▸ **What to work on**:
All records are to be printed again exactly as they appear.

Phrase grounding data:
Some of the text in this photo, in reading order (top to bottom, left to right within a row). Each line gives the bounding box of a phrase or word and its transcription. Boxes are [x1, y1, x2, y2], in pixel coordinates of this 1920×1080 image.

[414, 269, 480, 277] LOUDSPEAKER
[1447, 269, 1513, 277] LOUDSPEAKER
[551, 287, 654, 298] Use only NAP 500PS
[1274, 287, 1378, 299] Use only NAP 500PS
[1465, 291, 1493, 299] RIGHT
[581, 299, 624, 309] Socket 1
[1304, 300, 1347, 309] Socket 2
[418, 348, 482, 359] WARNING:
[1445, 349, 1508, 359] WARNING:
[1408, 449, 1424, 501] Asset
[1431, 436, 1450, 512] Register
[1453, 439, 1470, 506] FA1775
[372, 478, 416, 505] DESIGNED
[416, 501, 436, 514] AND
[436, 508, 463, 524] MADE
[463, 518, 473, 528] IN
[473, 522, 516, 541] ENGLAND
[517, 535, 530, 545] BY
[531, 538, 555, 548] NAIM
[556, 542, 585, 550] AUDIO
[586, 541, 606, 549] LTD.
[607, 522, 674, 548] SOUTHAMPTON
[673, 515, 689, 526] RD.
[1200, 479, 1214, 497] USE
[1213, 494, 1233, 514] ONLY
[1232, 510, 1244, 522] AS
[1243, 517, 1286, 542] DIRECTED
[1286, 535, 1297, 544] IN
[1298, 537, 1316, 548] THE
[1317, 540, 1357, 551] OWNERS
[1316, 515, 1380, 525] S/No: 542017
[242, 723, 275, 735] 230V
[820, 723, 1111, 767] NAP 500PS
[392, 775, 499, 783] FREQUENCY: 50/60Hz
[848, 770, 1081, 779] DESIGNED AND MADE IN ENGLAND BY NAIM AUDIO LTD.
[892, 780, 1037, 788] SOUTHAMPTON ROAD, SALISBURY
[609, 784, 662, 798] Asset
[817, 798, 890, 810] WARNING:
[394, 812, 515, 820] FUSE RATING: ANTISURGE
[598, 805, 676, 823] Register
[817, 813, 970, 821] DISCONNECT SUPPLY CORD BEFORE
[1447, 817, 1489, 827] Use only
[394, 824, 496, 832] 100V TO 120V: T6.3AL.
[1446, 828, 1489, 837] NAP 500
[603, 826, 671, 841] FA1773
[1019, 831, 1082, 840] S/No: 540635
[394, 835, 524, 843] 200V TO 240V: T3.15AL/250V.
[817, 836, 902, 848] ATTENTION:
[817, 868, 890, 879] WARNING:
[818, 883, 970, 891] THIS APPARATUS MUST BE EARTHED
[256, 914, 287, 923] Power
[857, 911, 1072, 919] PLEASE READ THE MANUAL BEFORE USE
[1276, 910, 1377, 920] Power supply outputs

▸ **Written reply**:
Some of the text in this photo, in reading order (top to bottom, left to right within a row). Each line gives the bounding box of a phrase or word and its transcription. Boxes are [x1, y1, x2, y2], in pixel coordinates of this 1920×1080 image.

[414, 269, 480, 277] LOUDSPEAKER
[1447, 269, 1513, 277] LOUDSPEAKER
[551, 287, 654, 298] Use only NAP 500PS
[1274, 287, 1378, 299] Use only NAP 500PS
[1465, 291, 1493, 299] RIGHT
[581, 299, 624, 309] Socket 1
[1304, 300, 1347, 309] Socket 2
[418, 348, 482, 359] WARNING:
[1445, 349, 1508, 359] WARNING:
[1408, 449, 1424, 501] Asset
[1431, 436, 1450, 512] Register
[1453, 439, 1470, 506] FA1775
[372, 478, 416, 505] DESIGNED
[416, 501, 436, 514] AND
[436, 508, 463, 524] MADE
[463, 518, 473, 528] IN
[473, 522, 516, 541] ENGLAND
[517, 535, 530, 545] BY
[531, 538, 555, 548] NAIM
[556, 542, 585, 550] AUDIO
[586, 541, 606, 549] LTD.
[607, 522, 674, 548] SOUTHAMPTON
[673, 515, 689, 526] RD.
[1200, 479, 1214, 497] USE
[1213, 494, 1233, 514] ONLY
[1232, 510, 1244, 522] AS
[1243, 517, 1286, 542] DIRECTED
[1286, 535, 1297, 544] IN
[1298, 537, 1316, 548] THE
[1317, 540, 1357, 551] OWNERS
[1316, 515, 1380, 525] S/No: 542017
[242, 723, 275, 735] 230V
[820, 723, 1111, 767] NAP 500PS
[392, 775, 499, 783] FREQUENCY: 50/60Hz
[848, 770, 1081, 779] DESIGNED AND MADE IN ENGLAND BY NAIM AUDIO LTD.
[892, 780, 1037, 788] SOUTHAMPTON ROAD, SALISBURY
[609, 784, 662, 798] Asset
[817, 798, 890, 810] WARNING:
[394, 812, 515, 820] FUSE RATING: ANTISURGE
[598, 805, 676, 823] Register
[817, 813, 970, 821] DISCONNECT SUPPLY CORD BEFORE
[1447, 817, 1489, 827] Use only
[394, 824, 496, 832] 100V TO 120V: T6.3AL.
[1446, 828, 1489, 837] NAP 500
[603, 826, 671, 841] FA1773
[1019, 831, 1082, 840] S/No: 540635
[394, 835, 524, 843] 200V TO 240V: T3.15AL/250V.
[817, 836, 902, 848] ATTENTION:
[817, 868, 890, 879] WARNING:
[818, 883, 970, 891] THIS APPARATUS MUST BE EARTHED
[256, 914, 287, 923] Power
[857, 911, 1072, 919] PLEASE READ THE MANUAL BEFORE USE
[1276, 910, 1377, 920] Power supply outputs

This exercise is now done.